圖6 小鼠脾臟系數Fig.6 Spleen index of mice

2.10 L-ΔSOD干預后UC小鼠結腸組織切片染色觀察結果

如圖7所示，正常組小鼠結腸的黏膜上皮細胞結構完整，無腫脹現象，隱窩結構規則，腸絨毛結構完整，杯狀細胞含量高。模型組小鼠結腸糜爛，腺體結構破損，隱窩結構呈不規則狀態，腸絨毛變形破損，杯狀細胞缺失，伴有大量炎癥細胞浸潤。與模型組相比，SOD、L、ΔSOD組和L-ΔSOD組均有明顯修復，其中ΔSOD組與L-ΔSOD組修復效果更加明顯，結腸表現和正常組相似。說明各樣品組對DSS誘導的UC模型中均有修復作用，各樣品修復UC模型小鼠的結腸狀態的效果依次為L-ΔSOD＞ΔSOD＞空白脂質體＞SOD。

圖7 小鼠結腸組織病理切片HE染色結果（200×）Fig.7 Hematoxylin-eosin staining results of pathological sections of mouse colon tissue (200 ×)

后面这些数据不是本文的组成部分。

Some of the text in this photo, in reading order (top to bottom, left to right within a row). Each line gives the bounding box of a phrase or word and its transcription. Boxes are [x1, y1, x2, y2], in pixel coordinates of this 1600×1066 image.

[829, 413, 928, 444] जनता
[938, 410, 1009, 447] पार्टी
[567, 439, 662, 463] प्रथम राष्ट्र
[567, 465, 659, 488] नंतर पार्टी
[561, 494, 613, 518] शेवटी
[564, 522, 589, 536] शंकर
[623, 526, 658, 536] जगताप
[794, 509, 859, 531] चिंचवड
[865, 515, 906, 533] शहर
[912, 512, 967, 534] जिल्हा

2.11 L-ΔSOD對UC小鼠的結腸抗氧化指標的影響

GSH-Px具有抗氧化作用，在機體中作為質子供體清除H2O2以及脂質氫過氧化物。氧化應激會引起細胞膜的脂質過氧化，而MDA是脂質過氧化的終產物之一[41]。如圖8所示，相比模型組，L-ΔSOD中的GSH-Px活力顯著增加（P＜0.05），MDA含量明顯降低，說明L-ΔSOD在一定程度上能有效改善UC氧化應激。

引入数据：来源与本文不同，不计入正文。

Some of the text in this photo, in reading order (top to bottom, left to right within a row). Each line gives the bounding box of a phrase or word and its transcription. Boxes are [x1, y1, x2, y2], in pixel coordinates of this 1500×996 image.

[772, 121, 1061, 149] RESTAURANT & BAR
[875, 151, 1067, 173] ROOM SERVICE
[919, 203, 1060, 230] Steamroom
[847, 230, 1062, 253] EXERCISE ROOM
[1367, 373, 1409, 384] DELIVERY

圖8 小鼠結腸內GSH-Px活力（A）和MDA含量（B）Fig.8 GSH-Px activities (A) and MDA contents (B) in mouse colon

2.12 L-ΔSOD對UC小鼠結腸炎癥因子質量濃度的影響

DSS誘導的UC模型會有大量炎性細胞浸潤至結腸黏膜固有層，炎性介質使巨噬細胞轉化為促炎表型從而被激活，產生大量促炎細胞因子如TNF-α、IL-6以及IL-1β[42]。如圖9所示，相對于模型組，樣品組均可以不同程度地降低促炎性因子釋放量，其中以ΔSOD和L-ΔSOD效果最顯著（P＜0.05），表明兩種樣品均可以通過降低促炎性因子釋放量、減輕促炎性因子浸潤來改善UC。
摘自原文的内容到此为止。